----- Source material
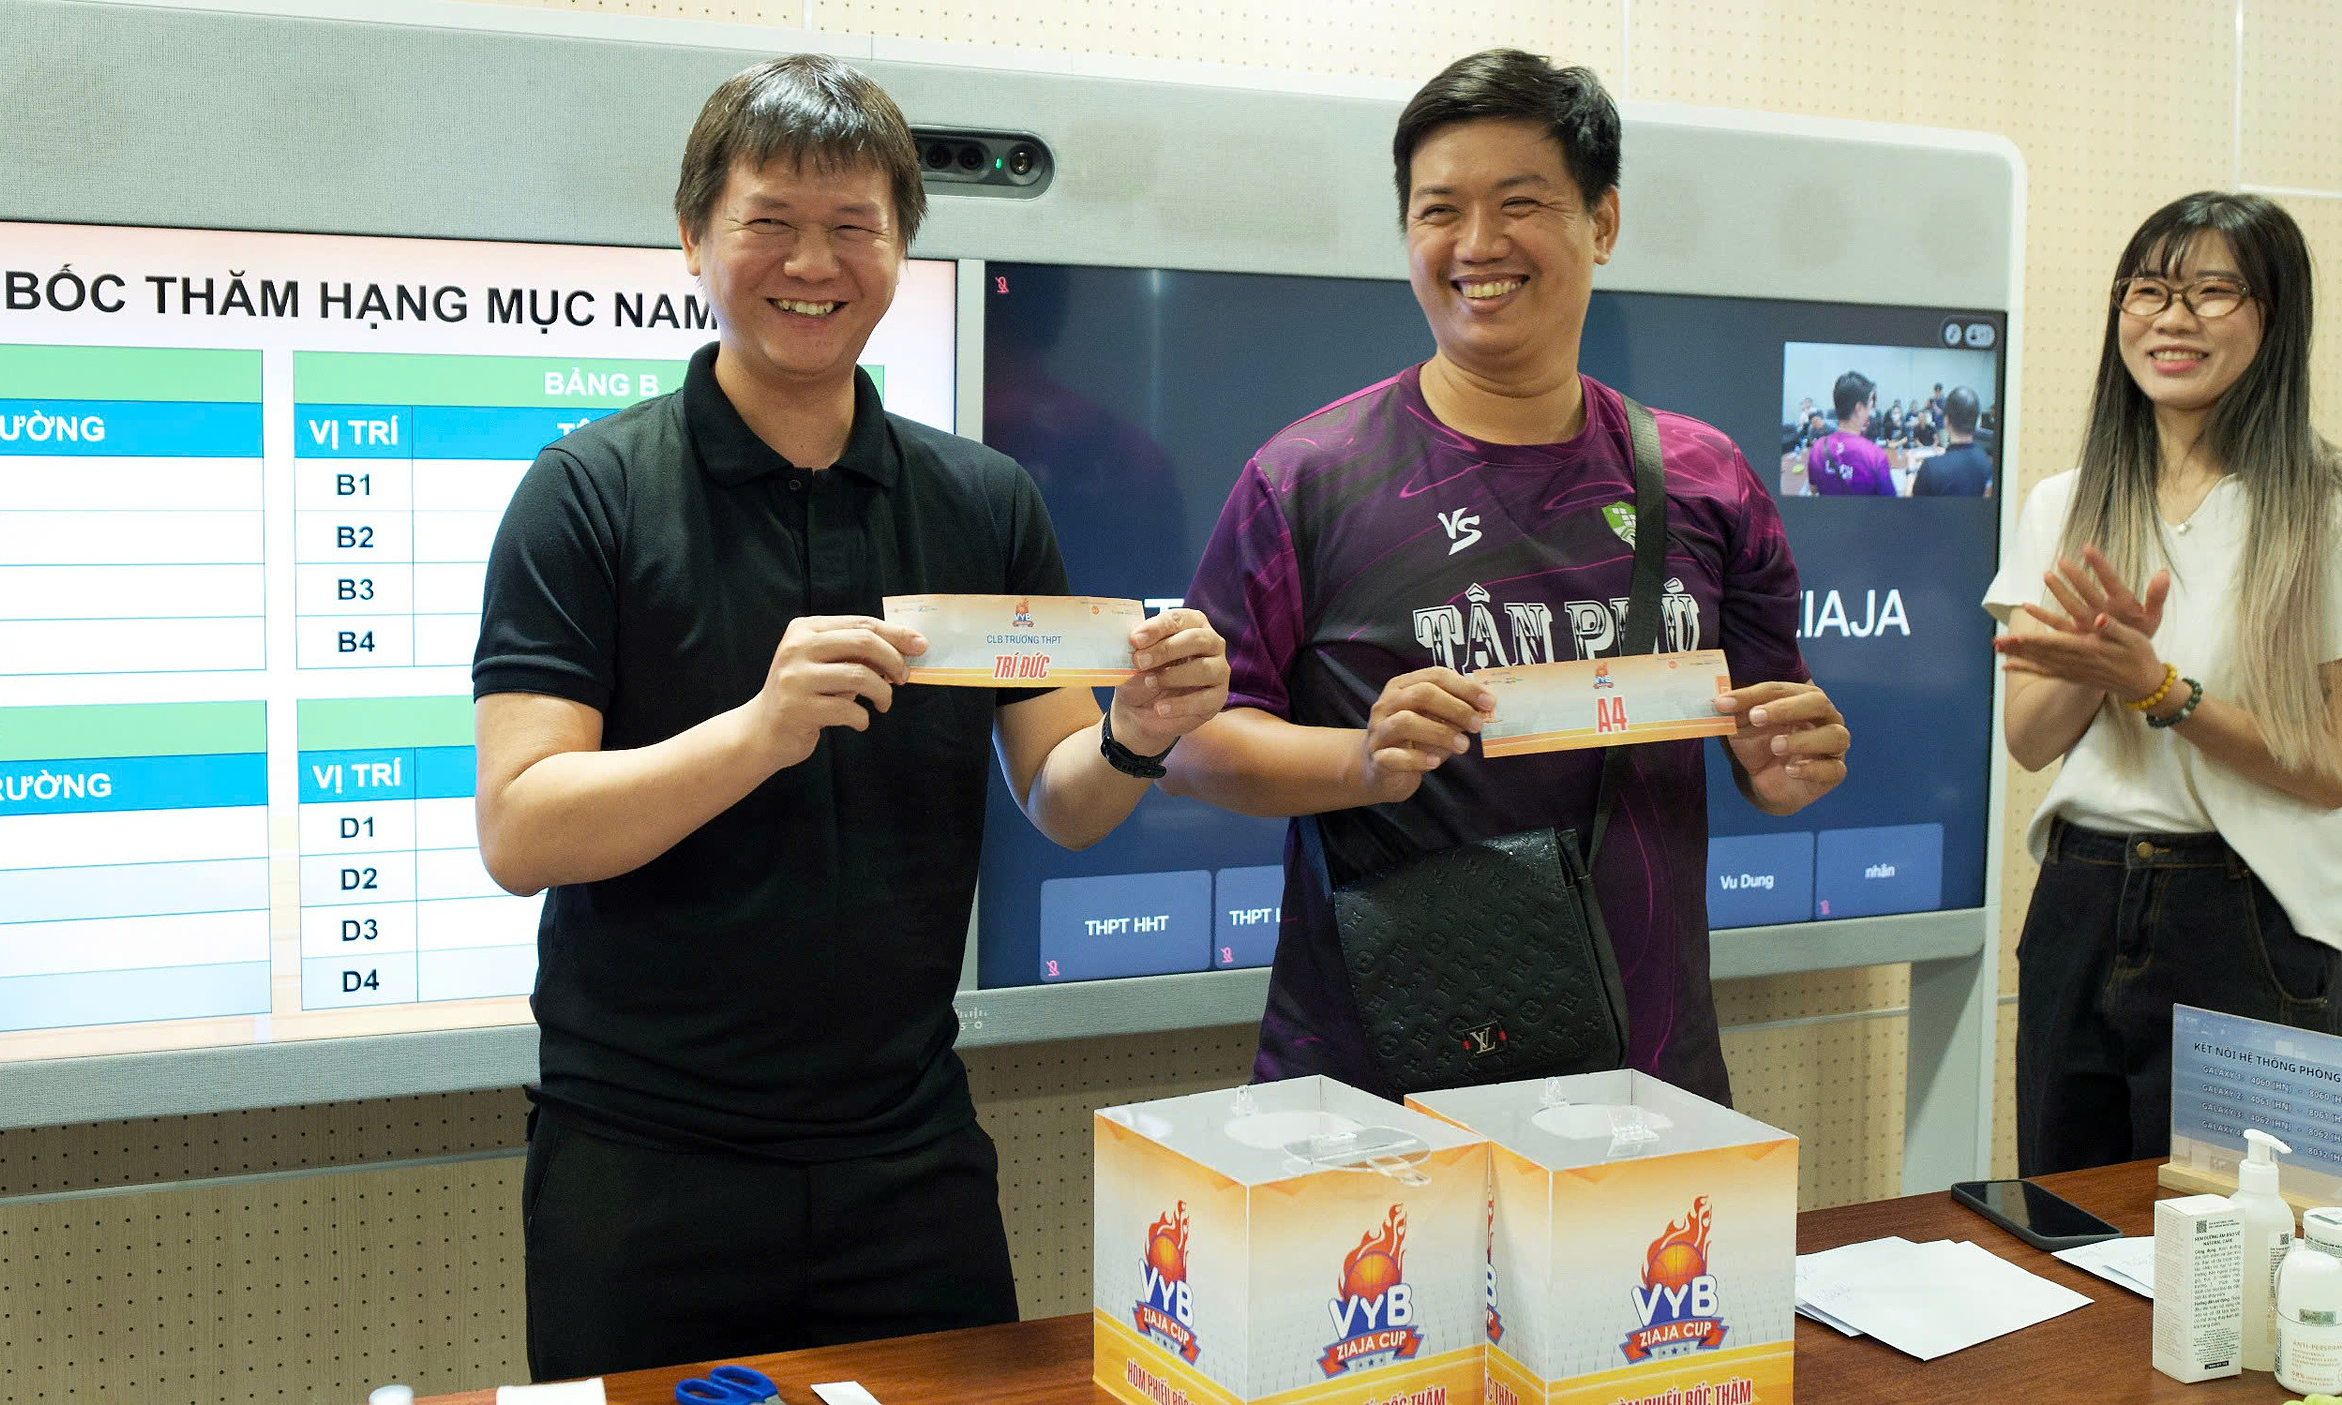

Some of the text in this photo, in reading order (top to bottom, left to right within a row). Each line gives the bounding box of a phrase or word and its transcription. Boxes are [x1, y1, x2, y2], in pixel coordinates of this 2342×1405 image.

[5, 264, 719, 334] BỐC THĂM HẠNG MỤC NAM
[544, 369, 659, 396] BẢNG B
[308, 415, 399, 450] VỊ TRÍ
[336, 474, 372, 496] B1
[336, 526, 374, 548] B2
[338, 579, 374, 600] B3
[1796, 589, 1911, 638] IAJA
[986, 634, 1003, 644] CLB
[1041, 636, 1062, 644] THPT
[1413, 583, 1554, 676] TÂN
[338, 631, 375, 652] B4
[994, 652, 1050, 679] TRÍ ĐỨC
[1597, 697, 1628, 733] A4
[312, 758, 401, 795] VỊ TRÍ
[340, 816, 375, 838] D1
[341, 867, 377, 890] D2
[1721, 873, 1774, 890] Vu Dung
[1085, 915, 1169, 936] THPT HHT
[1229, 908, 1272, 926] THPT
[342, 919, 378, 941] D3
[343, 969, 379, 992] D4
[2203, 1065, 2236, 1079] GALAXY
[2202, 1084, 2235, 1098] GALAXY
[2202, 1102, 2235, 1116] GALAXY
[2202, 1120, 2235, 1135] GALAXY
[1139, 1259, 1194, 1328] VYB
[1631, 1275, 1719, 1327] VYB
[1328, 1283, 1413, 1339] VYB
[1143, 1307, 1190, 1344] ZIAJA CUP
[1640, 1322, 1712, 1347] ZIAJA CUP
[1337, 1331, 1407, 1360] ZIAJA CUP
[1715, 1377, 1751, 1404] THĂM
----------
Return the listing exactly as it appears, excluding any image.

**Finished exercise**
Some of the text in this photo, in reading order (top to bottom, left to right within a row). Each line gives the bounding box of a phrase or word and its transcription. Boxes are [x1, y1, x2, y2], in pixel coordinates of this 2342×1405 image.

[5, 264, 719, 334] BỐC THĂM HẠNG MỤC NAM
[544, 369, 659, 396] BẢNG B
[308, 415, 399, 450] VỊ TRÍ
[336, 474, 372, 496] B1
[336, 526, 374, 548] B2
[338, 579, 374, 600] B3
[1796, 589, 1911, 638] IAJA
[986, 634, 1003, 644] CLB
[1041, 636, 1062, 644] THPT
[1413, 583, 1554, 676] TÂN
[338, 631, 375, 652] B4
[994, 652, 1050, 679] TRÍ ĐỨC
[1597, 697, 1628, 733] A4
[312, 758, 401, 795] VỊ TRÍ
[340, 816, 375, 838] D1
[341, 867, 377, 890] D2
[1721, 873, 1774, 890] Vu Dung
[1085, 915, 1169, 936] THPT HHT
[1229, 908, 1272, 926] THPT
[342, 919, 378, 941] D3
[343, 969, 379, 992] D4
[2203, 1065, 2236, 1079] GALAXY
[2202, 1084, 2235, 1098] GALAXY
[2202, 1102, 2235, 1116] GALAXY
[2202, 1120, 2235, 1135] GALAXY
[1139, 1259, 1194, 1328] VYB
[1631, 1275, 1719, 1327] VYB
[1328, 1283, 1413, 1339] VYB
[1143, 1307, 1190, 1344] ZIAJA CUP
[1640, 1322, 1712, 1347] ZIAJA CUP
[1337, 1331, 1407, 1360] ZIAJA CUP
[1715, 1377, 1751, 1404] THĂM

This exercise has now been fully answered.